A verbatim copy of the full data, with no pictures, is the expected answer.

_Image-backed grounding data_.
◆ ◆ ◆ ◆ ◆ ◆ ◆

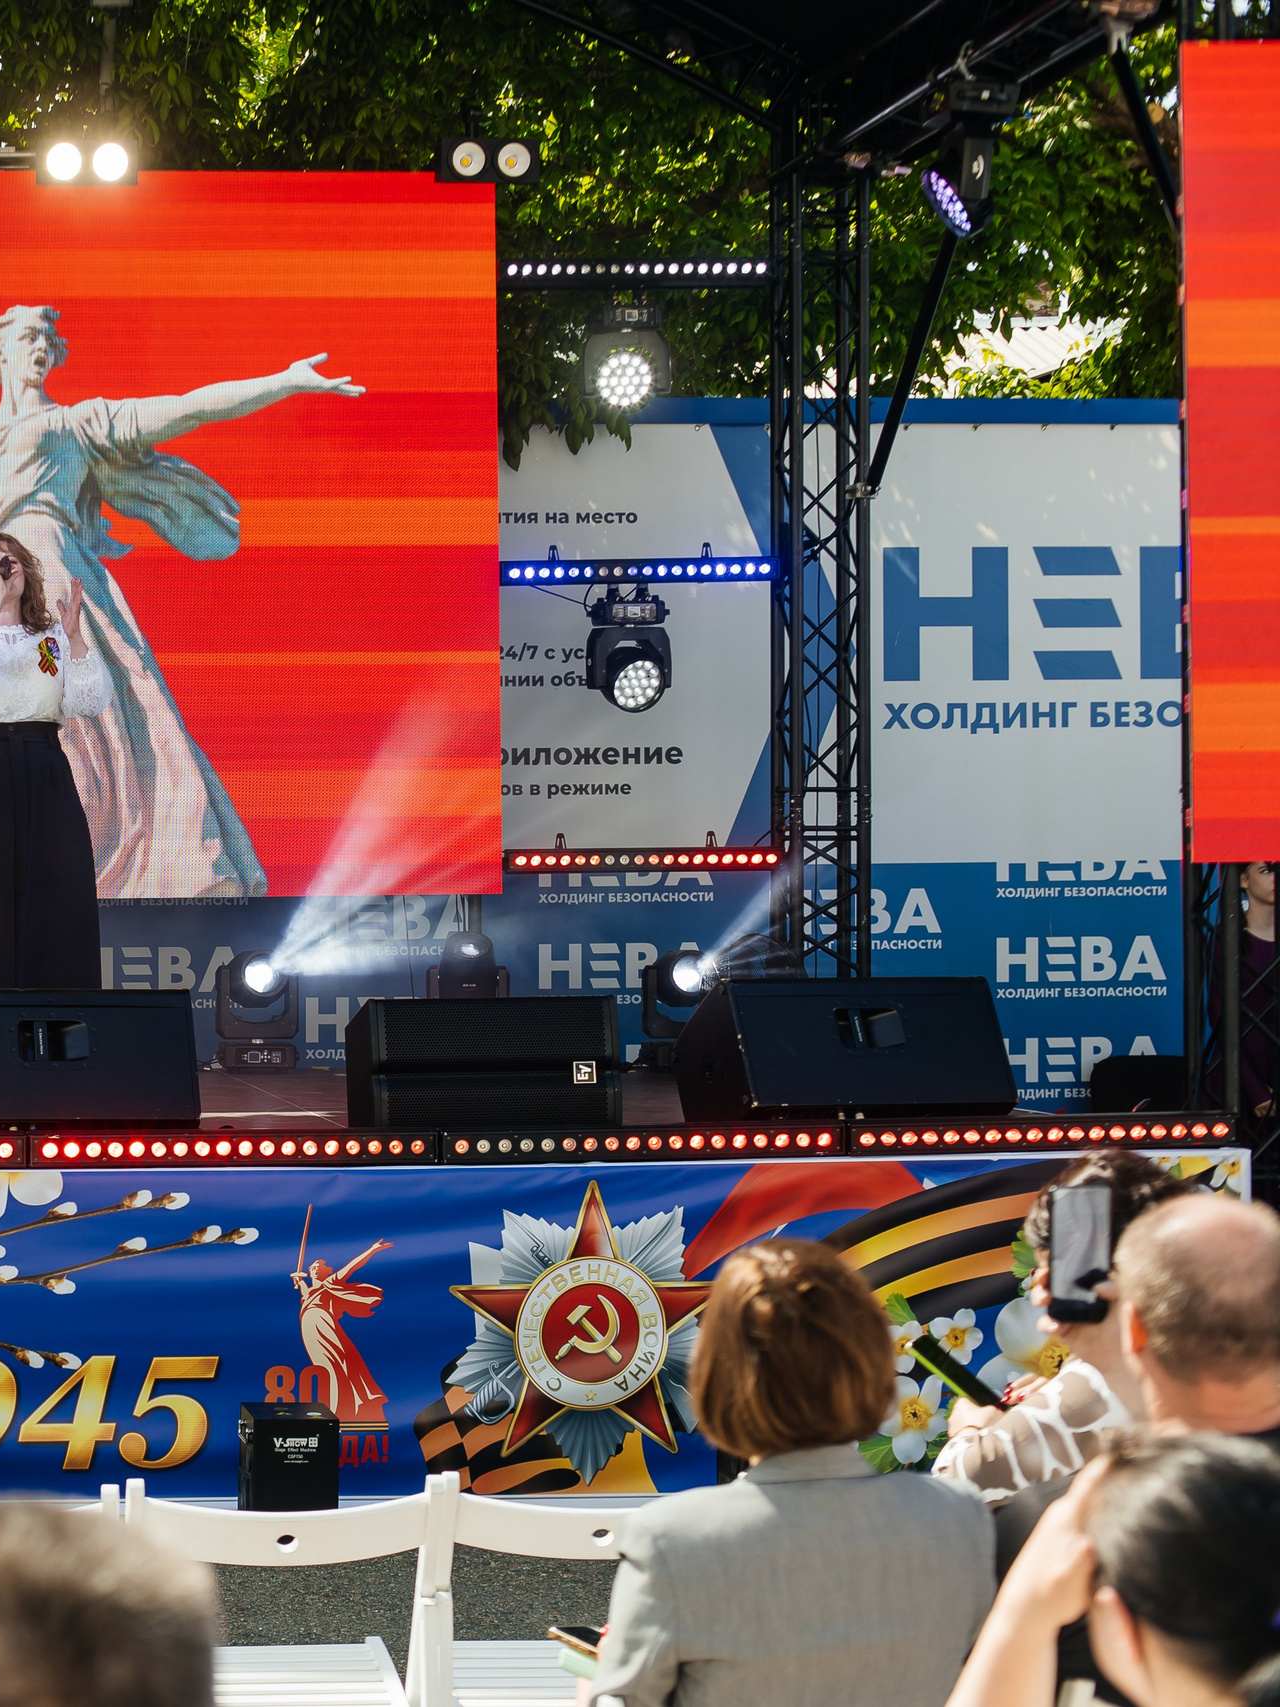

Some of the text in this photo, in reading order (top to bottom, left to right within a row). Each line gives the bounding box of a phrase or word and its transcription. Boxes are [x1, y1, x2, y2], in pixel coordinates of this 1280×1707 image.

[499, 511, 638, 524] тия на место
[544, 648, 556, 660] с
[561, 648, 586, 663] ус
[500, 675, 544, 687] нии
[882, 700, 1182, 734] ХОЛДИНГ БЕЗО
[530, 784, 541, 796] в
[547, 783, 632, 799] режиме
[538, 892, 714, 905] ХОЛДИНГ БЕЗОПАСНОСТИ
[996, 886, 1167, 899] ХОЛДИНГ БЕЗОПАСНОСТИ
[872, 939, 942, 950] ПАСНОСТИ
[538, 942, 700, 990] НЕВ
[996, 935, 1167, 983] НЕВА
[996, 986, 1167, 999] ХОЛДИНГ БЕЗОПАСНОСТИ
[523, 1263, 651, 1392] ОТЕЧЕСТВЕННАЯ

◆ ◆ ◆ ◆ ◆ ◆ ◆

_WRITTEN ANSWER_.
Some of the text in this photo, in reading order (top to bottom, left to right within a row). Each line gives the bounding box of a phrase or word and its transcription. Boxes are [x1, y1, x2, y2], in pixel coordinates of this 1280×1707 image.

[499, 511, 638, 524] тия на место
[544, 648, 556, 660] с
[561, 648, 586, 663] ус
[500, 675, 544, 687] нии
[882, 700, 1182, 734] ХОЛДИНГ БЕЗО
[530, 784, 541, 796] в
[547, 783, 632, 799] режиме
[538, 892, 714, 905] ХОЛДИНГ БЕЗОПАСНОСТИ
[996, 886, 1167, 899] ХОЛДИНГ БЕЗОПАСНОСТИ
[872, 939, 942, 950] ПАСНОСТИ
[538, 942, 700, 990] НЕВ
[996, 935, 1167, 983] НЕВА
[996, 986, 1167, 999] ХОЛДИНГ БЕЗОПАСНОСТИ
[523, 1263, 651, 1392] ОТЕЧЕСТВЕННАЯ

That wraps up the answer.